Spencer Shore and Dr. Anton Bowden

Introduction

Burst fractures are high-speed spine injuries caused by rapid axial compression of the vertebrae. The traditional explanation for the burst fracture mechanism points to an intraosseous pressure rise due to the entrance of the intervertebral disc through a fractured endplate. Recent experiments [1], however, indicate an actual decrease in both internal pressure and hydraulic resistance in high-speed tests that result in burst fractures. These results cast doubt on the validity of the traditional burst fracture theory. The current study seeks to model the intraosseous pressure rise using the finite element method. In this model, the trabecular core and marrow of the vertebrae are modeled as a single biphasic material using an experimentally determined hydraulic permeability. It is hypothesized that this characterization will more accurately model the effects of intraosseous pressure rise in the formation of spinal burst fractures.

Methods

A quarter symmetry model of an idealized lumbar functional spinal unit was developed using averaged geometric data of lumbar and lower cervical cadaveric specimens reported in the literature. The model included cortical and cancellous bone, superior and inferior bony endplates, nucleus pulposus and annulus fibrosis sections. The bony segments were modeled as linear elastic materials with moduli and densities obtained from the literature. The nucleus was included using a hyperelastic Mooney-Rivlin type constitutive equation with constants C1 = 0.5 and C2 = 0.05.

In order to account for the directional fibers in the annulus fibrosis, a transversely isotropic Mooney-Rivlin material model was used [2]. The coefficients for this model were derived by the optimization of a finite element model to reported axial and circumferential stress-stretch data for the annulus fibrosus [3].

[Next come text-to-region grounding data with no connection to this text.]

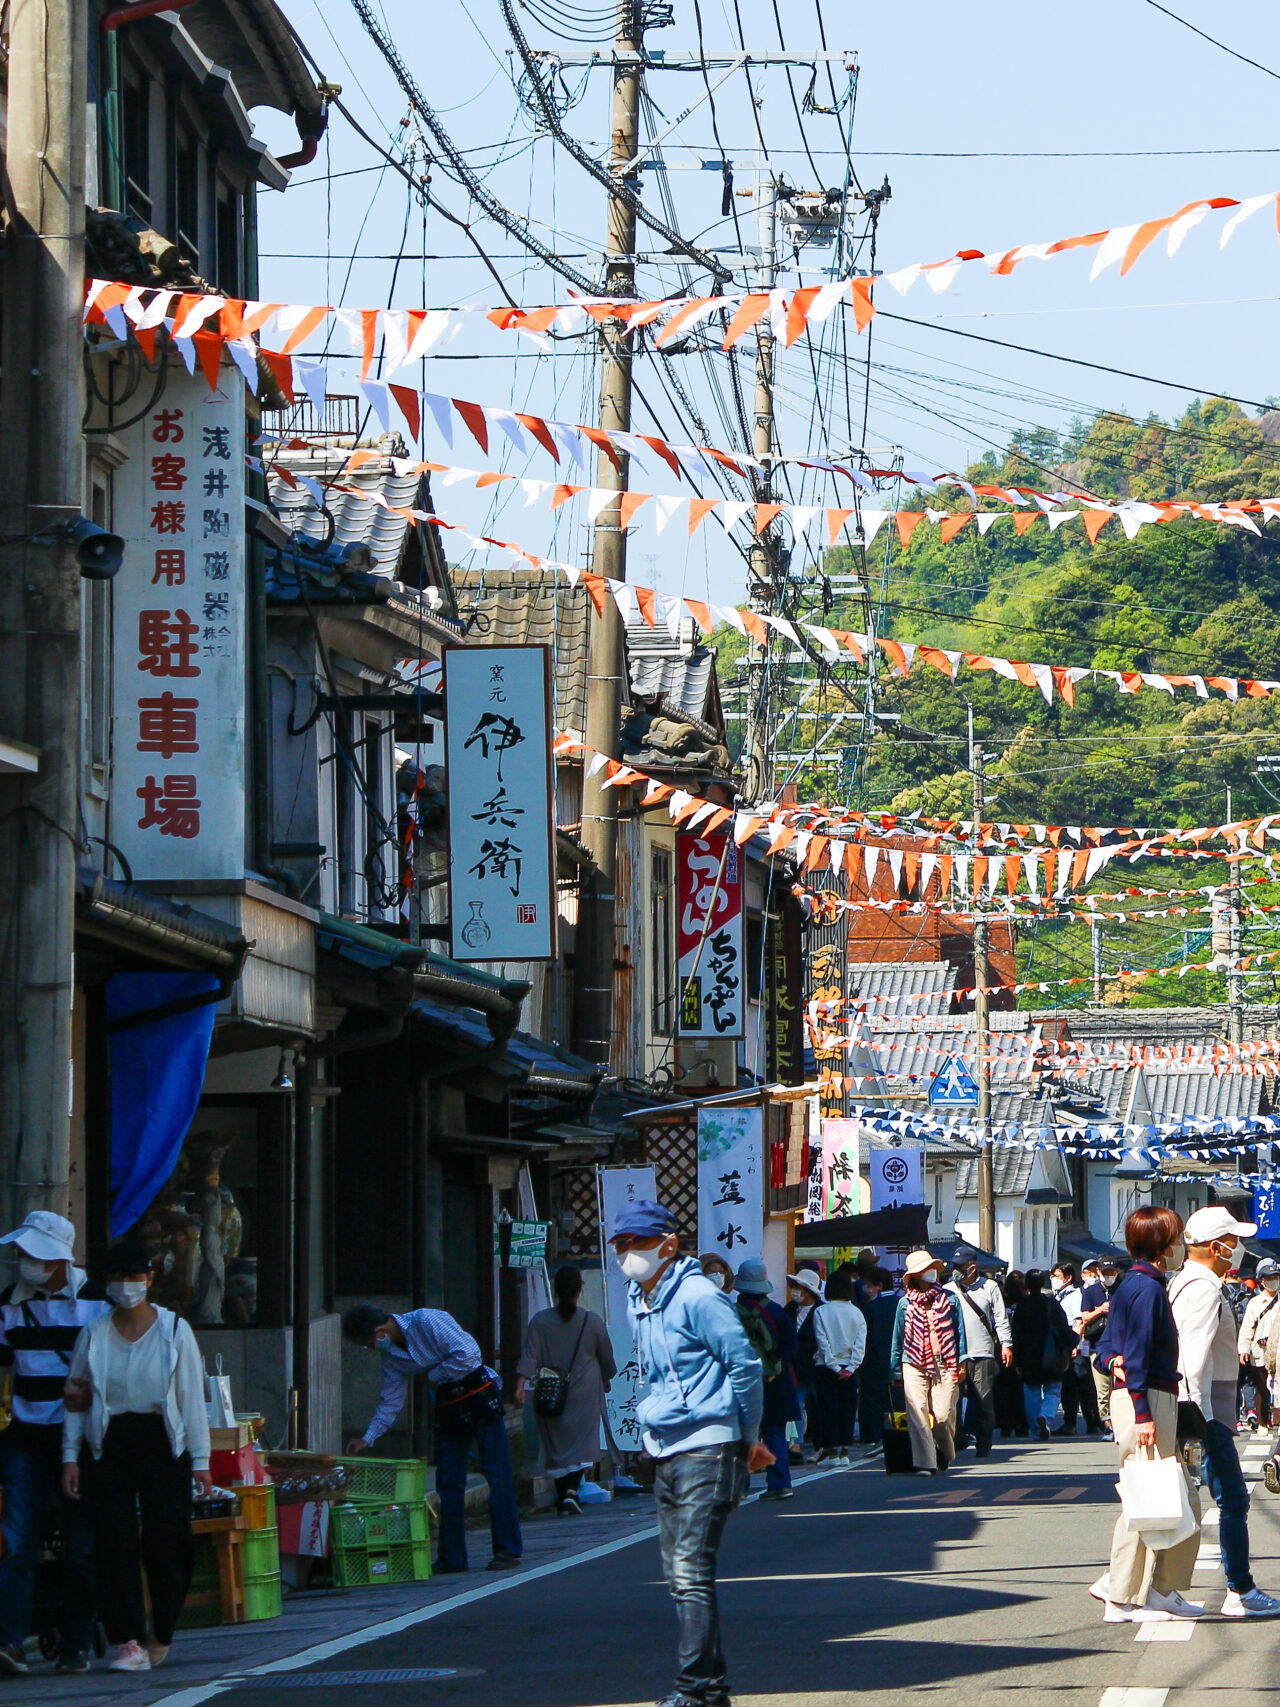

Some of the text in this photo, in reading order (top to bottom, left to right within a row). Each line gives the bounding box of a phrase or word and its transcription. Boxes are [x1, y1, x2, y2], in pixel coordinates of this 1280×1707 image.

[136, 408, 202, 839] お客様用駐車場
[488, 664, 507, 703] 窯元
[463, 711, 526, 898] 伊兵衛
[681, 838, 729, 936] らーめん
[703, 930, 739, 1033] ちゃんぽん
[712, 1170, 748, 1250] 藍水
[808, 1167, 823, 1222] 村岡総

For the cancellous section, a biphasic material model was utilized to represent both the trabecular bone and marrow. This formulation requires only the permeability of the material to implement a second fluid phase on top of the existing solid phase [4]. The entire model was solved using FEBio (Musculoskeletal Research Laboratories, University of Utah), an implicit, nonlinear finite element solver specifically designed for applications in biomechanics.

The permeability used for the biphasic, cancellous portion of the vertebrae was drawn from the experimental results of Ochia and Ching [5]. In their paper, they reported a hydraulic permeability of 4.90×10-10±4.45×10-10 m2 for human lumbar vertebrae.

A two stage approach is used to model the burst fracture response. The present work reports on the first stage (low displacement rate results). For this study, the top face of the model was displaced downward at a constant rate of 5 mm/s for 0.2 seconds in order to match the low displacement rate results reported by Ochia and Ching [6].

Results

Initial results on simplified geometry show an altered pressure distribution (Figure 1) and overall higher intravertebral pressures (Figure 2) for the biphasic model as compared to the standard elasticity model.

Discussion

These results indicate the potential advantage of a biphasic characterization and move toward the second phase of creating higher fidelity geometric models to be run at the high displacement rates typical of in vivo burst fracture events.

Acknowledgements

This work funded through a mentored environment grant provided by Brigham Young University.

References

• Ochia R, Ching R (2006), 31(22):2569-2574, Spine.
• Weiss JA, et al (1995), 135:107-128, Comp Meth Appl Mech Eng.
• Guerin HL (2007), 25(4):508-16, J Orthop Res.
• FEBio Theory Manual.
• Ochia R, Ching, RP (2002), 124:533-537,J Biomech Eng. [6] Ochia R, Ching, RP (2002), 27(11):1160-67, Spine.